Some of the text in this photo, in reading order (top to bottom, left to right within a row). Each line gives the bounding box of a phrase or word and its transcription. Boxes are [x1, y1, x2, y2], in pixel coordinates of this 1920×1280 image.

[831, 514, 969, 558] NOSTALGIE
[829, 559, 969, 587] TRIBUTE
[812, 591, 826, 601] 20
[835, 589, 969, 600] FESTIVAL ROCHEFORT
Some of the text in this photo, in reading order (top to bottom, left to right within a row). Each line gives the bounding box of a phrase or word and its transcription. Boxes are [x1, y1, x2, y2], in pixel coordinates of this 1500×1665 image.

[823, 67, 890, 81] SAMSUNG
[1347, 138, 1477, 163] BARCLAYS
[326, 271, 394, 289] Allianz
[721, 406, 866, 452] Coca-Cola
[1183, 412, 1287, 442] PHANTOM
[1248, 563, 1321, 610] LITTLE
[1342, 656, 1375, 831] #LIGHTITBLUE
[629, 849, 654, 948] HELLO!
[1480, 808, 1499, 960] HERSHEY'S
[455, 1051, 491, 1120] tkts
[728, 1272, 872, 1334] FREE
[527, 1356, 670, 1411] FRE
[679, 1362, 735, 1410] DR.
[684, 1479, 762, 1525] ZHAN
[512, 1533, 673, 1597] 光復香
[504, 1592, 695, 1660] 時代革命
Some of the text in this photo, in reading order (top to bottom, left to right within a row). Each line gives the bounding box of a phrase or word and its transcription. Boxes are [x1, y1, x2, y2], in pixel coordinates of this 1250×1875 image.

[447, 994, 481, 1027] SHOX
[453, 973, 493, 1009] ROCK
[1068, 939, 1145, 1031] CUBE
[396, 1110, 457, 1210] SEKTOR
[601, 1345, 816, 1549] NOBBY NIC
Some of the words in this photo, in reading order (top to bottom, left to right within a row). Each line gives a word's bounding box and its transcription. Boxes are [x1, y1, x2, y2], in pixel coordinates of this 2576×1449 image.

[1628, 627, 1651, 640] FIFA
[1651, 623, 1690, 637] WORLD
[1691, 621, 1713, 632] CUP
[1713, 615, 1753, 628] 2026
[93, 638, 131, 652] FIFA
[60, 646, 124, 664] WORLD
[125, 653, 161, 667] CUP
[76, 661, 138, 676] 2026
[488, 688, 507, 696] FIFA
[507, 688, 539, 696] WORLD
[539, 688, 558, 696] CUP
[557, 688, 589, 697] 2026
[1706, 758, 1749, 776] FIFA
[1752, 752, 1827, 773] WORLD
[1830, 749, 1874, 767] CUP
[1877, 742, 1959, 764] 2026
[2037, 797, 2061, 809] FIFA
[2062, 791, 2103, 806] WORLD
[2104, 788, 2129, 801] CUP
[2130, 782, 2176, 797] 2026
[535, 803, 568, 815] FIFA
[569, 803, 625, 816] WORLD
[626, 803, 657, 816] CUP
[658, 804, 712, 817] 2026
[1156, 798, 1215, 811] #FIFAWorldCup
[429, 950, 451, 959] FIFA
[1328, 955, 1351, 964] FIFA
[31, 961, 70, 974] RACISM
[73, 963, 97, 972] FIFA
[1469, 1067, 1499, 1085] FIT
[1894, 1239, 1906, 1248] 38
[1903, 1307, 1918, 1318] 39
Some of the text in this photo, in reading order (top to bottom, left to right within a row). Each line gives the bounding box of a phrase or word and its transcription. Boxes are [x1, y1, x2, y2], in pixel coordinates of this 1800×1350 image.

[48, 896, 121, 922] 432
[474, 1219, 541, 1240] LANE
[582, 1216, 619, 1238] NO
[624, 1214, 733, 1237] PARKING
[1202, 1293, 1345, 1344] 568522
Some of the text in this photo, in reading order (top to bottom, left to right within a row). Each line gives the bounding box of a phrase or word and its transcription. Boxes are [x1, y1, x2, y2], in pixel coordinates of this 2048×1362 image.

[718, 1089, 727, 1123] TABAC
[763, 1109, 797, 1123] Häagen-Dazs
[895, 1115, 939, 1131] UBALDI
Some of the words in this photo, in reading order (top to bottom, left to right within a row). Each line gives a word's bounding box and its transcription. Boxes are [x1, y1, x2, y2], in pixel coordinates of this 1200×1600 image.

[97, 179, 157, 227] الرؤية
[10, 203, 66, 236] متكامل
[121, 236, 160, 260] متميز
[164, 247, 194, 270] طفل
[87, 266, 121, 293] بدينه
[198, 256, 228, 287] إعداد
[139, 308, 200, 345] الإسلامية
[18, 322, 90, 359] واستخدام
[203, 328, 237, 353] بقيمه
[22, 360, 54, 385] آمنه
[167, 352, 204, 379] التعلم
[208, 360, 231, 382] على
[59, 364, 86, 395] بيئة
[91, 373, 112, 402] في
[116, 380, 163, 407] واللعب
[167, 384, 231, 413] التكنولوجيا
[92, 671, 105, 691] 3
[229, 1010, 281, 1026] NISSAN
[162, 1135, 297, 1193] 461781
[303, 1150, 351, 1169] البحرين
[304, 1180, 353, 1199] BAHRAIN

========================

_BRIEF_. Every entry above should come back exactly as written.

_ANSWER TO THIS PROBLEM_.
Some of the text in this photo, in reading order (top to bottom, left to right within a row). Each line gives the bounding box of a phrase or word and its transcription. Boxes are [x1, y1, x2, y2], in pixel coordinates of this 1920×1280 image.

[831, 514, 969, 558] NOSTALGIE
[829, 559, 969, 587] TRIBUTE
[812, 591, 826, 601] 20
[835, 589, 969, 600] FESTIVAL ROCHEFORT
Some of the text in this photo, in reading order (top to bottom, left to right within a row). Each line gives the bounding box of a phrase or word and its transcription. Boxes are [x1, y1, x2, y2], in pixel coordinates of this 1500×1665 image.

[823, 67, 890, 81] SAMSUNG
[1347, 138, 1477, 163] BARCLAYS
[326, 271, 394, 289] Allianz
[721, 406, 866, 452] Coca-Cola
[1183, 412, 1287, 442] PHANTOM
[1248, 563, 1321, 610] LITTLE
[1342, 656, 1375, 831] #LIGHTITBLUE
[629, 849, 654, 948] HELLO!
[1480, 808, 1499, 960] HERSHEY'S
[455, 1051, 491, 1120] tkts
[728, 1272, 872, 1334] FREE
[527, 1356, 670, 1411] FRE
[679, 1362, 735, 1410] DR.
[684, 1479, 762, 1525] ZHAN
[512, 1533, 673, 1597] 光復香
[504, 1592, 695, 1660] 時代革命
Some of the text in this photo, in reading order (top to bottom, left to right within a row). Each line gives the bounding box of a phrase or word and its transcription. Boxes are [x1, y1, x2, y2], in pixel coordinates of this 1250×1875 image.

[447, 994, 481, 1027] SHOX
[453, 973, 493, 1009] ROCK
[1068, 939, 1145, 1031] CUBE
[396, 1110, 457, 1210] SEKTOR
[601, 1345, 816, 1549] NOBBY NIC
Some of the words in this photo, in reading order (top to bottom, left to right within a row). Each line gives a word's bounding box and its transcription. Boxes are [x1, y1, x2, y2], in pixel coordinates of this 2576×1449 image.

[1628, 627, 1651, 640] FIFA
[1651, 623, 1690, 637] WORLD
[1691, 621, 1713, 632] CUP
[1713, 615, 1753, 628] 2026
[93, 638, 131, 652] FIFA
[60, 646, 124, 664] WORLD
[125, 653, 161, 667] CUP
[76, 661, 138, 676] 2026
[488, 688, 507, 696] FIFA
[507, 688, 539, 696] WORLD
[539, 688, 558, 696] CUP
[557, 688, 589, 697] 2026
[1706, 758, 1749, 776] FIFA
[1752, 752, 1827, 773] WORLD
[1830, 749, 1874, 767] CUP
[1877, 742, 1959, 764] 2026
[2037, 797, 2061, 809] FIFA
[2062, 791, 2103, 806] WORLD
[2104, 788, 2129, 801] CUP
[2130, 782, 2176, 797] 2026
[535, 803, 568, 815] FIFA
[569, 803, 625, 816] WORLD
[626, 803, 657, 816] CUP
[658, 804, 712, 817] 2026
[1156, 798, 1215, 811] #FIFAWorldCup
[429, 950, 451, 959] FIFA
[1328, 955, 1351, 964] FIFA
[31, 961, 70, 974] RACISM
[73, 963, 97, 972] FIFA
[1469, 1067, 1499, 1085] FIT
[1894, 1239, 1906, 1248] 38
[1903, 1307, 1918, 1318] 39
Some of the text in this photo, in reading order (top to bottom, left to right within a row). Each line gives the bounding box of a phrase or word and its transcription. Boxes are [x1, y1, x2, y2], in pixel coordinates of this 1800×1350 image.

[48, 896, 121, 922] 432
[474, 1219, 541, 1240] LANE
[582, 1216, 619, 1238] NO
[624, 1214, 733, 1237] PARKING
[1202, 1293, 1345, 1344] 568522
Some of the text in this photo, in reading order (top to bottom, left to right within a row). Each line gives the bounding box of a phrase or word and its transcription. Boxes are [x1, y1, x2, y2], in pixel coordinates of this 2048×1362 image.

[718, 1089, 727, 1123] TABAC
[763, 1109, 797, 1123] Häagen-Dazs
[895, 1115, 939, 1131] UBALDI
Some of the words in this photo, in reading order (top to bottom, left to right within a row). Each line gives a word's bounding box and its transcription. Boxes are [x1, y1, x2, y2], in pixel coordinates of this 1200×1600 image.

[97, 179, 157, 227] الرؤية
[10, 203, 66, 236] متكامل
[121, 236, 160, 260] متميز
[164, 247, 194, 270] طفل
[87, 266, 121, 293] بدينه
[198, 256, 228, 287] إعداد
[139, 308, 200, 345] الإسلامية
[18, 322, 90, 359] واستخدام
[203, 328, 237, 353] بقيمه
[22, 360, 54, 385] آمنه
[167, 352, 204, 379] التعلم
[208, 360, 231, 382] على
[59, 364, 86, 395] بيئة
[91, 373, 112, 402] في
[116, 380, 163, 407] واللعب
[167, 384, 231, 413] التكنولوجيا
[92, 671, 105, 691] 3
[229, 1010, 281, 1026] NISSAN
[162, 1135, 297, 1193] 461781
[303, 1150, 351, 1169] البحرين
[304, 1180, 353, 1199] BAHRAIN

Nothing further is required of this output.